■ **Work request**:
With the pictures set aside, write out all of the data exactly as it stands.

-------- Data section --------

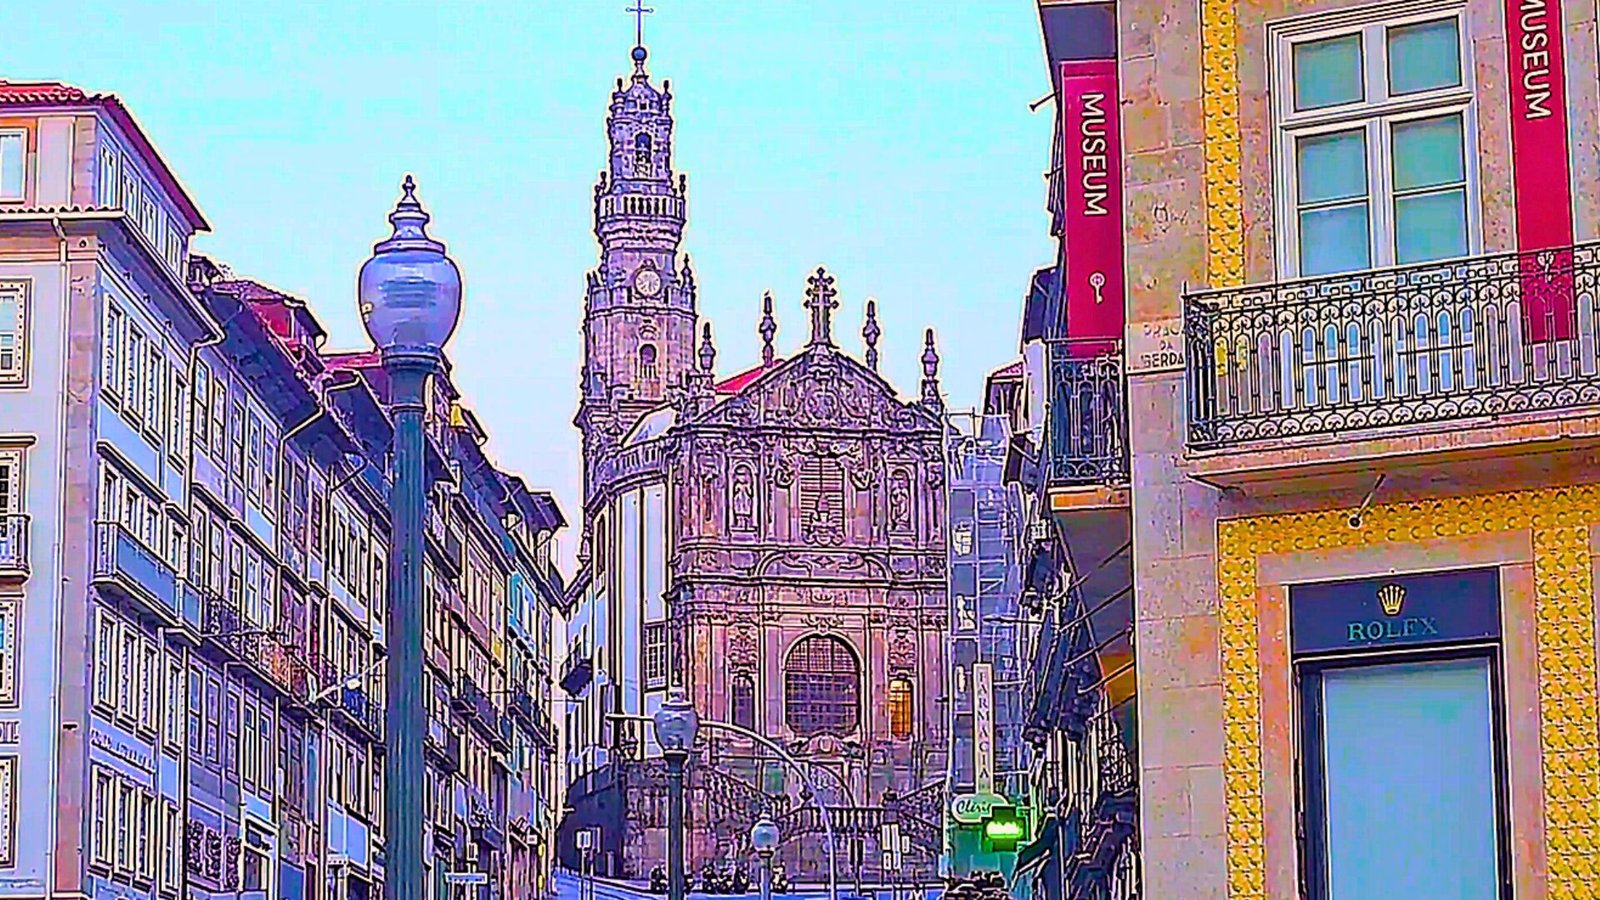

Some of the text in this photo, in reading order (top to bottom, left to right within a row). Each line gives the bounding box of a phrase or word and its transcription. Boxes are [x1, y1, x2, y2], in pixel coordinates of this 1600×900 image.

[1080, 92, 1108, 216] MUSEUM
[1347, 616, 1438, 641] ROLEX
[977, 671, 990, 779] FARMACIA
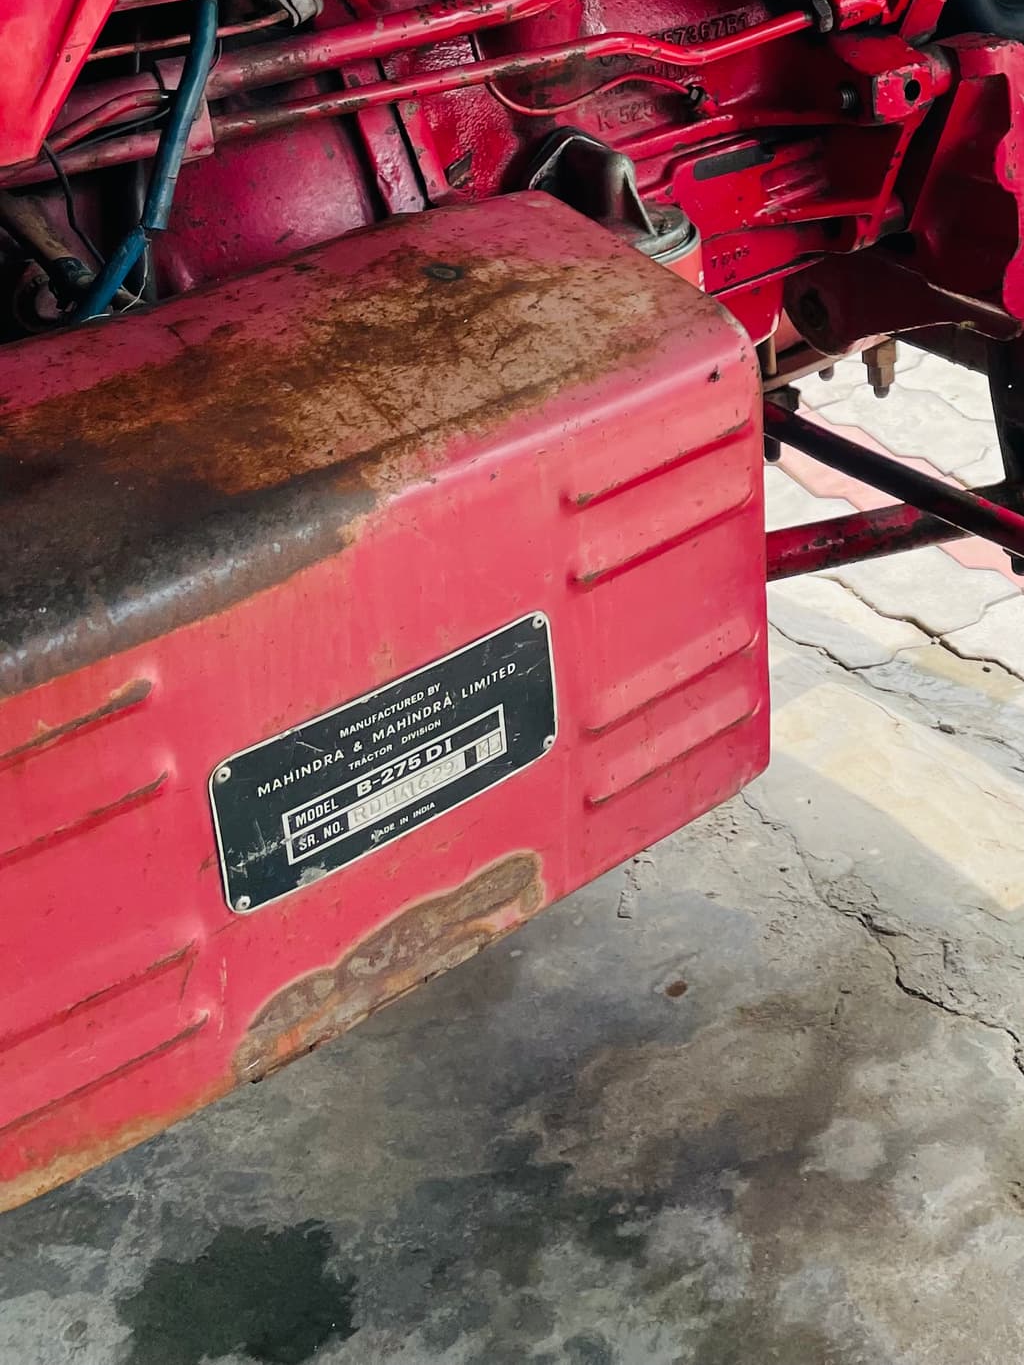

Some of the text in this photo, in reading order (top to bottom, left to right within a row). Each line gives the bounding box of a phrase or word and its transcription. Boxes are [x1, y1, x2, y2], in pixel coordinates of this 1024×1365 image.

[257, 662, 516, 797] MAHINDRA & MAHINDRA LIMITED
[340, 683, 441, 739] MANUFACTURED BY
[348, 720, 441, 771] TRACTOR DIVISION
[295, 738, 453, 828] MODEL B-275 DI
[299, 831, 320, 851] SR.
[323, 820, 344, 840] NO.
[400, 815, 409, 826] IN
[413, 802, 435, 818] INDIA
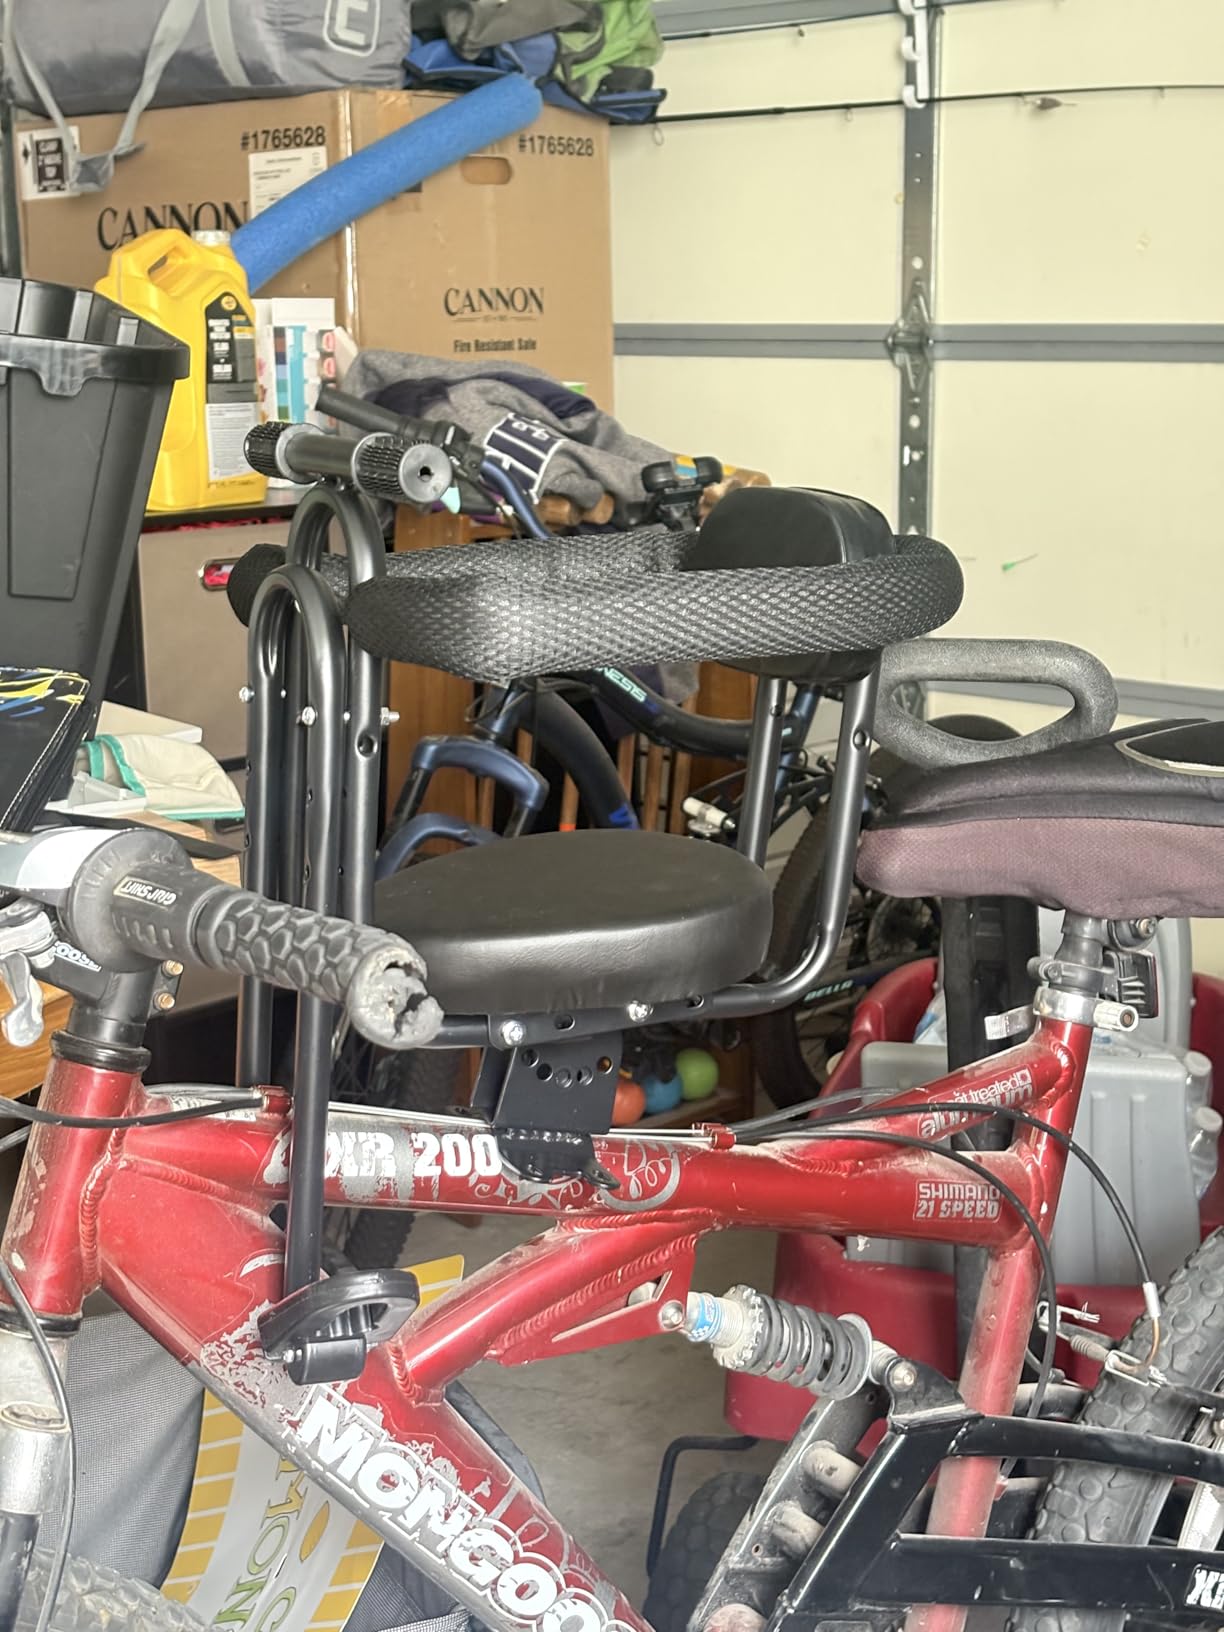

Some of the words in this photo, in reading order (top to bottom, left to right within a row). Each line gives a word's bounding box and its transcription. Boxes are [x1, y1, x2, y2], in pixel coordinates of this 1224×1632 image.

[241, 126, 326, 150] #1765628
[519, 135, 594, 157] #1765628
[97, 201, 248, 250] CANNON
[443, 286, 544, 316] CANNON
[969, 1072, 1022, 1102] treated
[412, 1132, 503, 1178] 200
[918, 1183, 1001, 1200] SHIMANO
[915, 1199, 936, 1219] 21
[938, 1199, 1000, 1219] SPEED
[288, 1386, 645, 1632] MONGOO
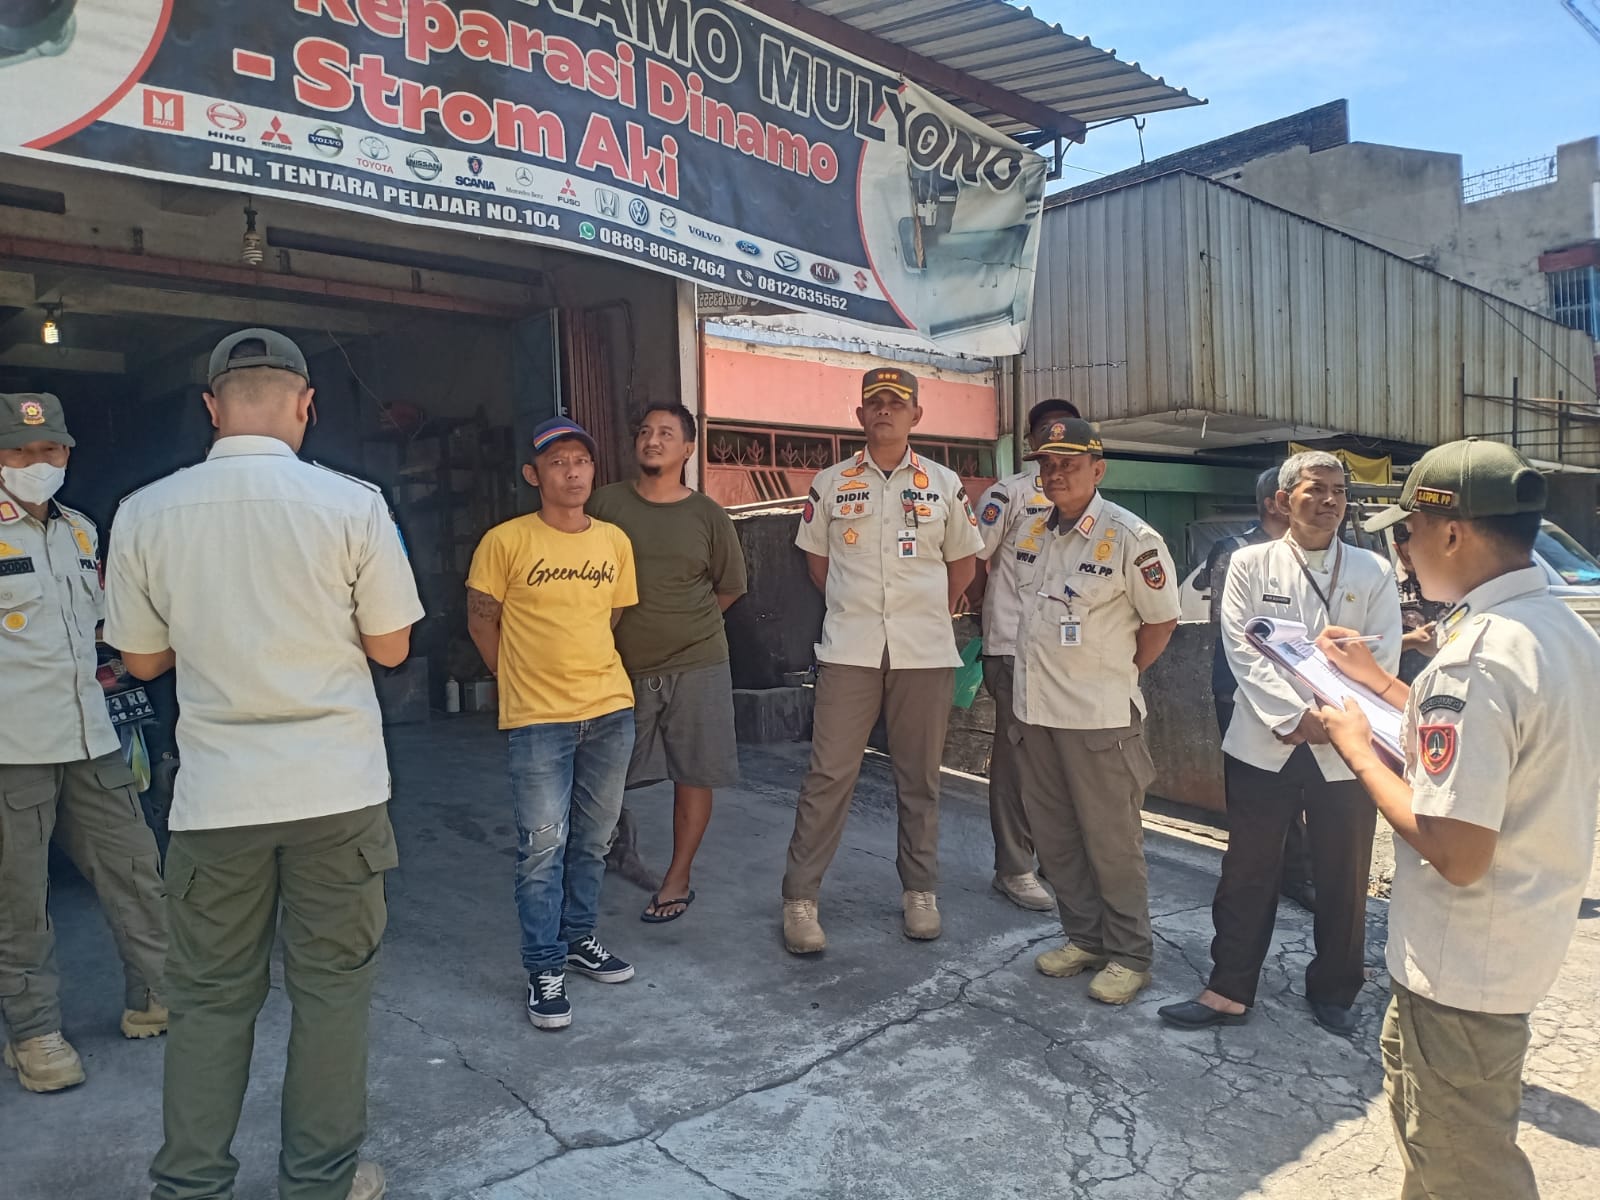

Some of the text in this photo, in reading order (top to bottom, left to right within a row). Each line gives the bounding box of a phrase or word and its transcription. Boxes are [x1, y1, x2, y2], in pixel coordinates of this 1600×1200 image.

[294, 37, 567, 162] Strom
[576, 113, 680, 200] Aki
[759, 33, 1023, 192] MULYONO
[646, 57, 839, 185] Dinamo
[208, 130, 246, 143] HINO
[310, 135, 342, 148] VOLVO
[356, 157, 394, 175] TOYOTA
[408, 158, 440, 170] NISSAN
[209, 151, 561, 231] JLN. TENTARA PELAJAR NO.104
[456, 176, 496, 191] SCANIA
[557, 195, 580, 206] FUSO
[688, 225, 721, 242] VOLVO
[599, 226, 726, 280] 0889-8058-7464
[815, 265, 835, 280] KIA
[757, 275, 848, 312] 08122635552
[836, 491, 870, 503] DIDIK
[927, 493, 940, 502] PP
[527, 558, 615, 588] Greenlight
[1079, 563, 1113, 577] POL PP
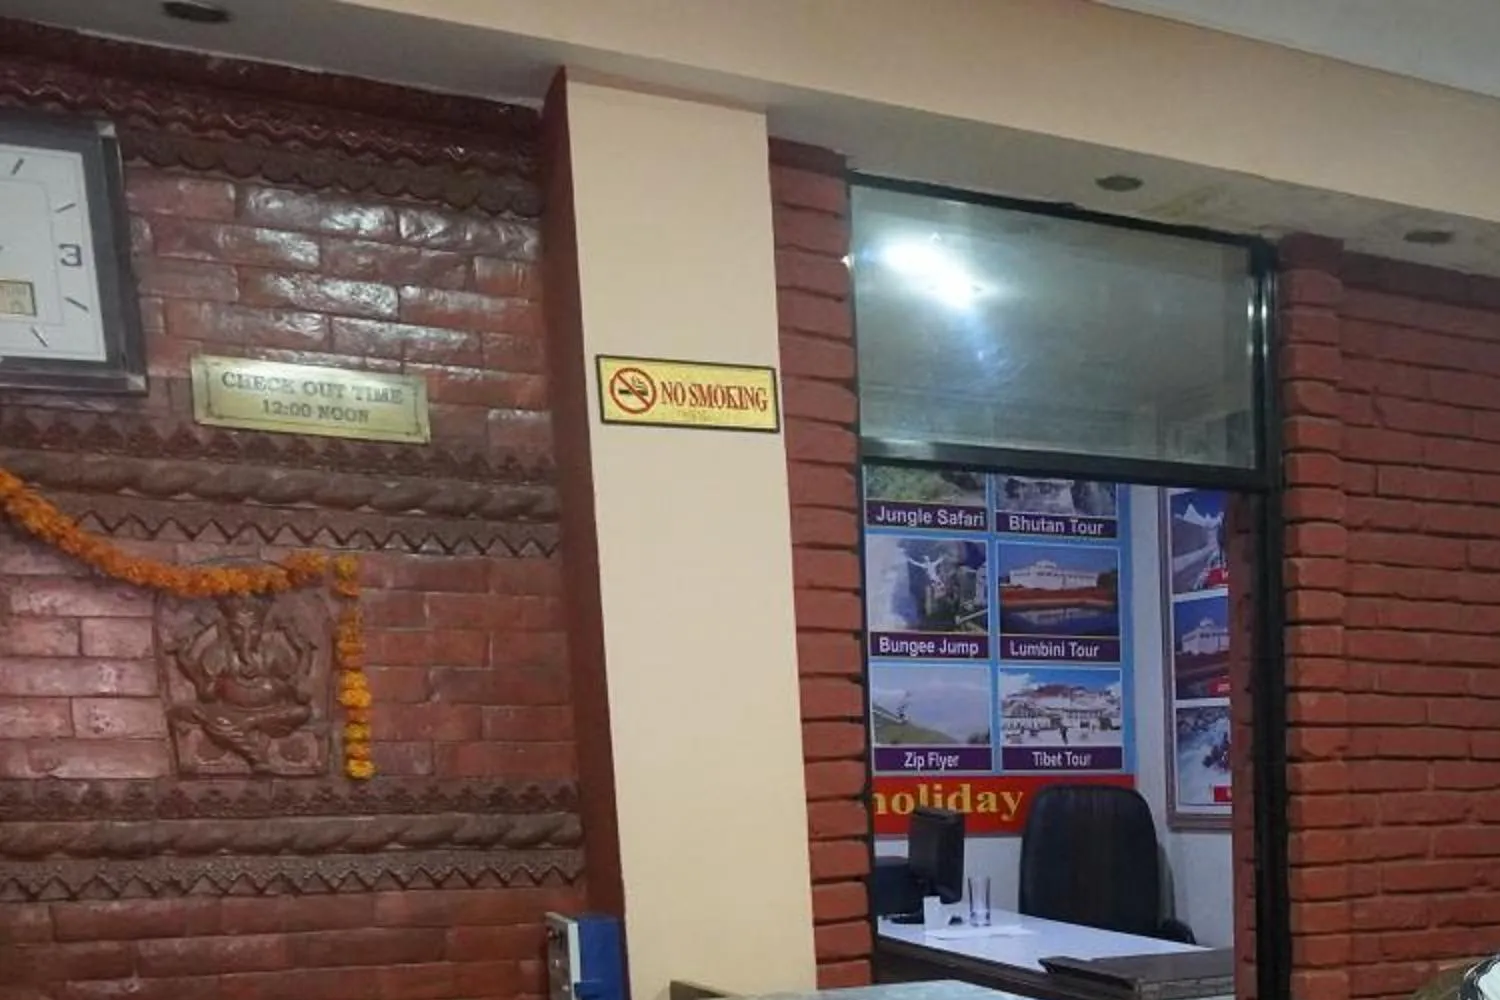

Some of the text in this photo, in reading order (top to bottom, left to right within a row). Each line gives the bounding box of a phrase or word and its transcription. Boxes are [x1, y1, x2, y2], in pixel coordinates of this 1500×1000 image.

--------

■ **Output**:
Some of the text in this photo, in reading order (top to bottom, left to right within a row). Each line gives the bounding box of a phrase or word and its transcription. Boxes are [x1, y1, x2, y2], in pixel coordinates of this 1600×900 image.

[1080, 92, 1108, 216] MUSEUM
[1347, 616, 1438, 641] ROLEX
[977, 671, 990, 779] FARMACIA

Some of the text in this photo, in reading order (top to bottom, left to right within a row). Each line gives the bounding box of a phrase or word and its transcription. Boxes are [x1, y1, x2, y2], in pixel coordinates of this 1024×1365 image.

[257, 662, 516, 797] MAHINDRA & MAHINDRA LIMITED
[340, 683, 441, 739] MANUFACTURED BY
[348, 720, 441, 771] TRACTOR DIVISION
[295, 738, 453, 828] MODEL B-275 DI
[299, 831, 320, 851] SR.
[323, 820, 344, 840] NO.
[400, 815, 409, 826] IN
[413, 802, 435, 818] INDIA

Some of the words in this photo, in reading order (top to bottom, left to right within a row). Each line gives a word's bounding box and its transcription. Boxes are [x1, y1, x2, y2], in pixel coordinates of this 1224×1632 image.

[241, 126, 326, 150] #1765628
[519, 135, 594, 157] #1765628
[97, 201, 248, 250] CANNON
[443, 286, 544, 316] CANNON
[969, 1072, 1022, 1102] treated
[412, 1132, 503, 1178] 200
[918, 1183, 1001, 1200] SHIMANO
[915, 1199, 936, 1219] 21
[938, 1199, 1000, 1219] SPEED
[288, 1386, 645, 1632] MONGOO

Some of the text in this photo, in reading order (top to bottom, left to right within a row). Each line gives the bounding box of a phrase or word and its transcription. Boxes are [x1, y1, x2, y2], in pixel coordinates of this 1600×1200 image.

[294, 37, 567, 162] Strom
[576, 113, 680, 200] Aki
[759, 33, 1023, 192] MULYONO
[646, 57, 839, 185] Dinamo
[208, 130, 246, 143] HINO
[310, 135, 342, 148] VOLVO
[356, 157, 394, 175] TOYOTA
[408, 158, 440, 170] NISSAN
[209, 151, 561, 231] JLN. TENTARA PELAJAR NO.104
[456, 176, 496, 191] SCANIA
[557, 195, 580, 206] FUSO
[688, 225, 721, 242] VOLVO
[599, 226, 726, 280] 0889-8058-7464
[815, 265, 835, 280] KIA
[757, 275, 848, 312] 08122635552
[836, 491, 870, 503] DIDIK
[927, 493, 940, 502] PP
[527, 558, 615, 588] Greenlight
[1079, 563, 1113, 577] POL PP

Some of the text in this photo, in reading order (top to bottom, left to right within a row). Each line gives the bounding box of a phrase or word and its transcription. Boxes are [x1, y1, x2, y2], in pixel coordinates of this 1500×1000 image.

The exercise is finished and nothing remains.